Which, honestly, is less to do with the uneasy deployment of this mechanic and more to do with the game’s writing. In terms of narrative, the story makes little sense. It’s implied that Kelly is trying to clear her mother’s name after she died in a war zone overseas, and throughout the game the hackers manage to have a huge influence on international politics, even inciting an entire (undefined, North African) nation to protest. On a character level, it makes even less sense. Characters are thin, with motivation that is hazily defined at best, and it’s incredibly difficult to figure out where they come from and why they’re even hanging out together.

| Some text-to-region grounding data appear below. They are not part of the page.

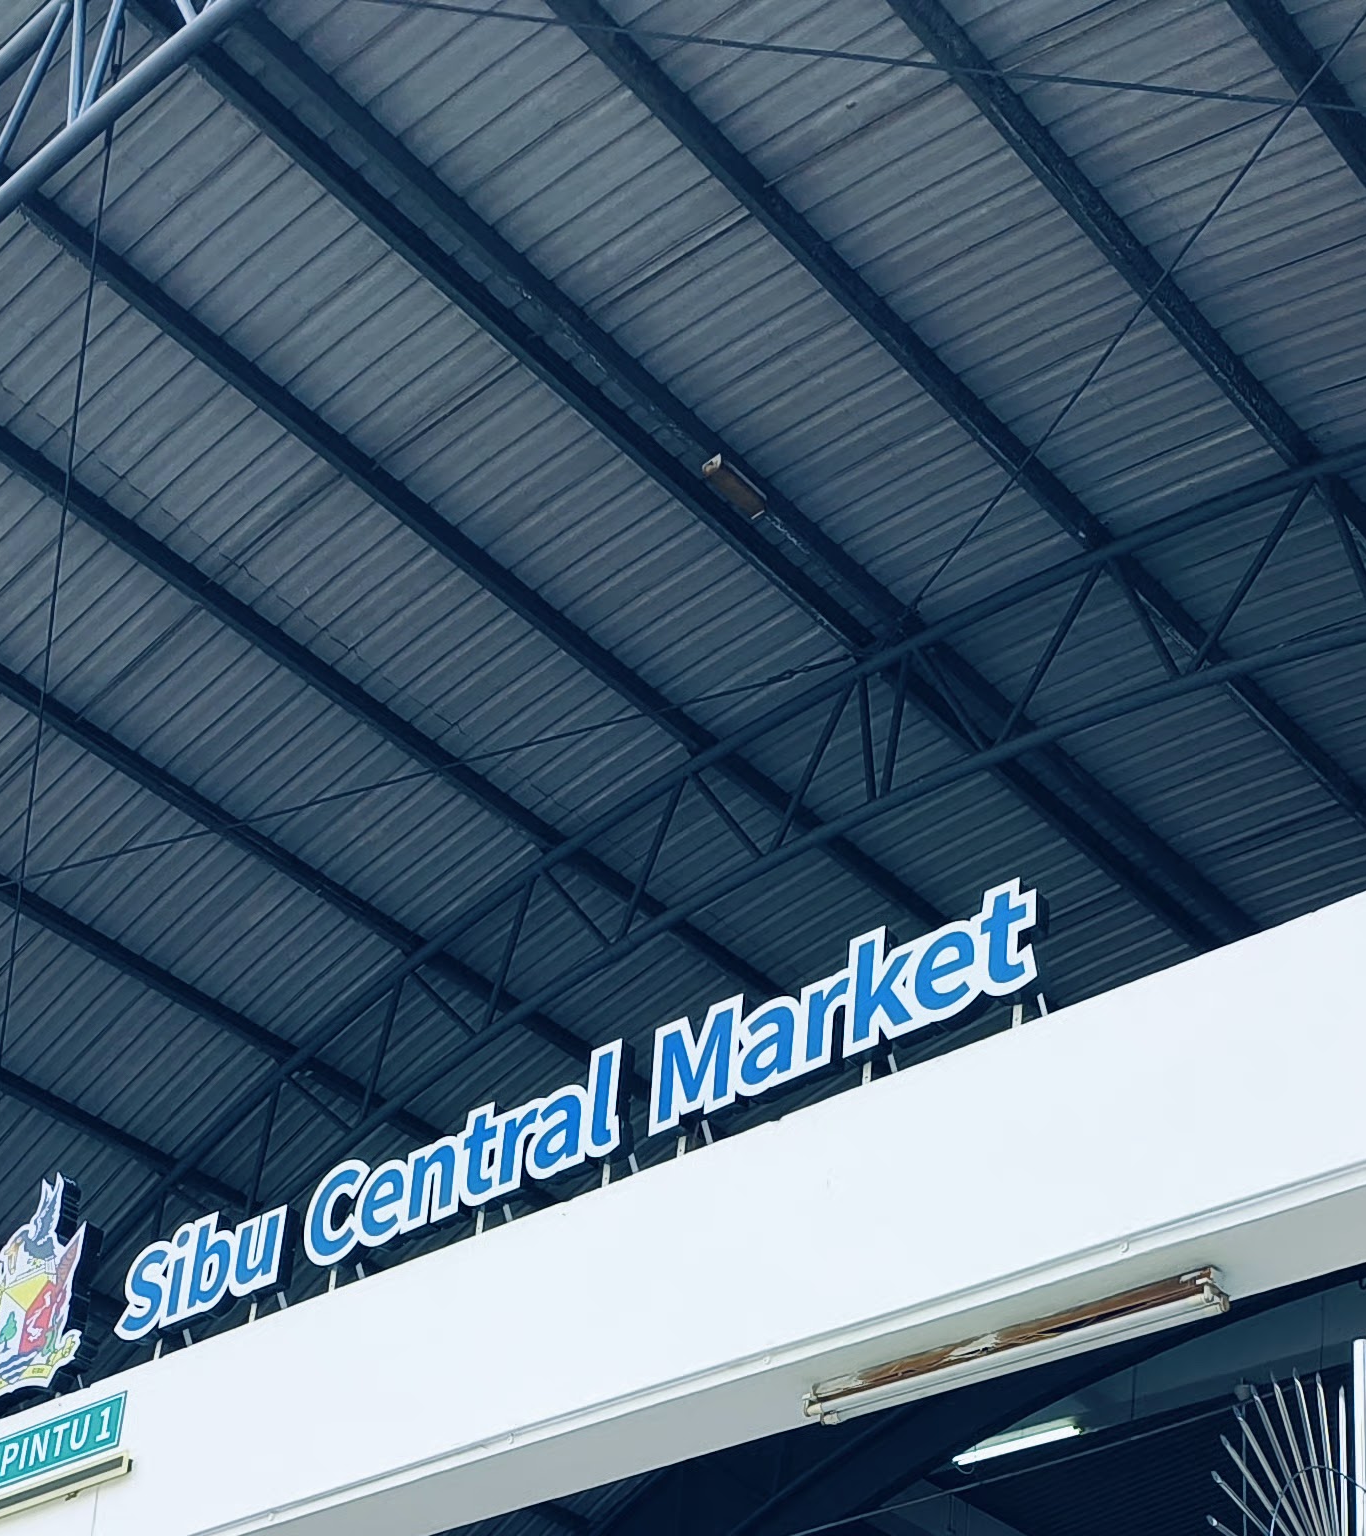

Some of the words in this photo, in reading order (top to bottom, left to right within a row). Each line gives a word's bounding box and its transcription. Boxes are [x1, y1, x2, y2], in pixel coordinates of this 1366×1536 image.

[117, 1207, 286, 1338] Sibu
[306, 1042, 620, 1263] Central
[651, 881, 1035, 1133] Market
[0, 1413, 91, 1477] PINTU
[95, 1406, 112, 1443] 1
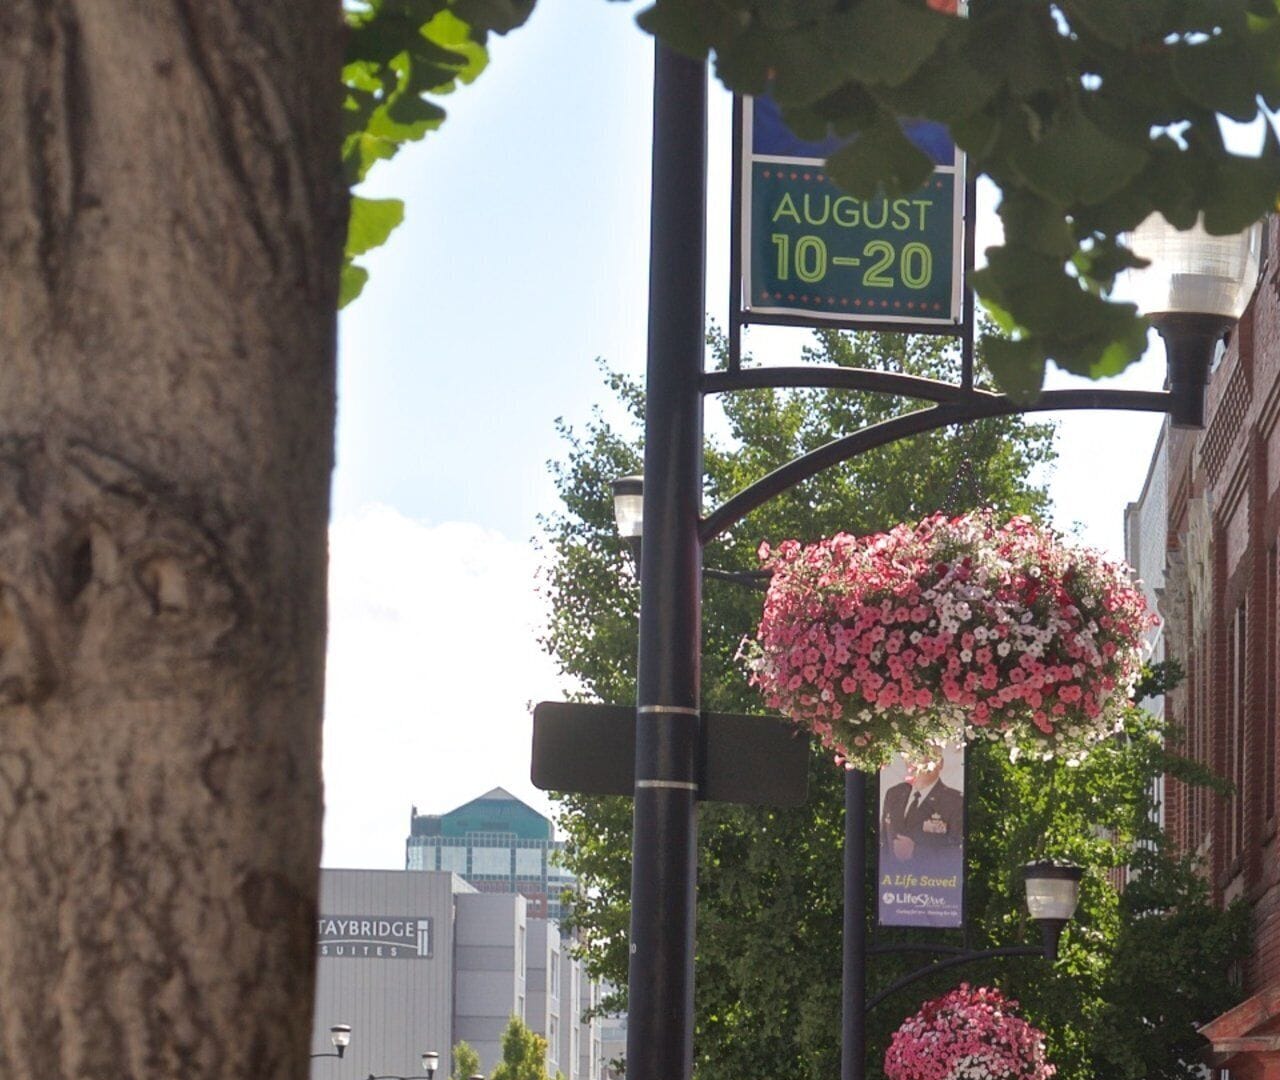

And then finally, and this is the nail in the coffin, these characters do not talk like recognisable humans, interact like any human you’ve ever met, or even behave in a way that is consistent with the wildly unrealistic limits that has been set up for the characters by the game. They talk and behave in such a disjointed way that you can almost see the writer staring at the screen willing for the words to come out because he has no idea what to write. They seem to come less from a person’s brain than from a scrambled together list of tropes and references.

Video games have a writing problem, in general. If you put #WarGames on television, or marketed it as a web-series, which it is much closer to in regards to its form than it is to a video game, then it would be absolutely slaughtered, or worse, ignored. What we, as gamers, accept as good writing in video games is usually what we’re told is good writing in television. Think of how closely the earlier BioWare games bend over backwards to try and emulate the wisecracking comedy of a Joss Whedon, or what we’re told is good writing in novels – think of the old fantasy tropes that the Final Fantasy series largely trades in.

Video games, or at least their writing, is still trying to emulate what works for other mediums, and many developers are stuck trying to fit a CD into a laptop with no disc drive – it doesn’t work anymore, it doesn’t fit the format, so you need to adapt. I don’t know what adapting looks like yet; even when I think of the games I think have the best writing – the Suikoden series, DanganRonpa, even Metal Gear Solid at its most gonzo – they’re still taking many of their cues from other media. But it won’t look or sound like this. No matter what form you’re working in, if you don’t understand what makes people tick, or at least understand how to convey that through action, dialogue and narrative, then you’re pretty much screwed.

No thanks!

#WarGames is doing its best to try and adapt and push the form of gaming a bit ahead; it’s trying to figure out a new way for us to consume a video game narrative and engage with it. But without the building blocks that make us want to engage with any narrative in any form whatsoever – good characters, engaging narrative, something relatable – it fails utterly. It’s not even good, as Zane would say, for the lulz.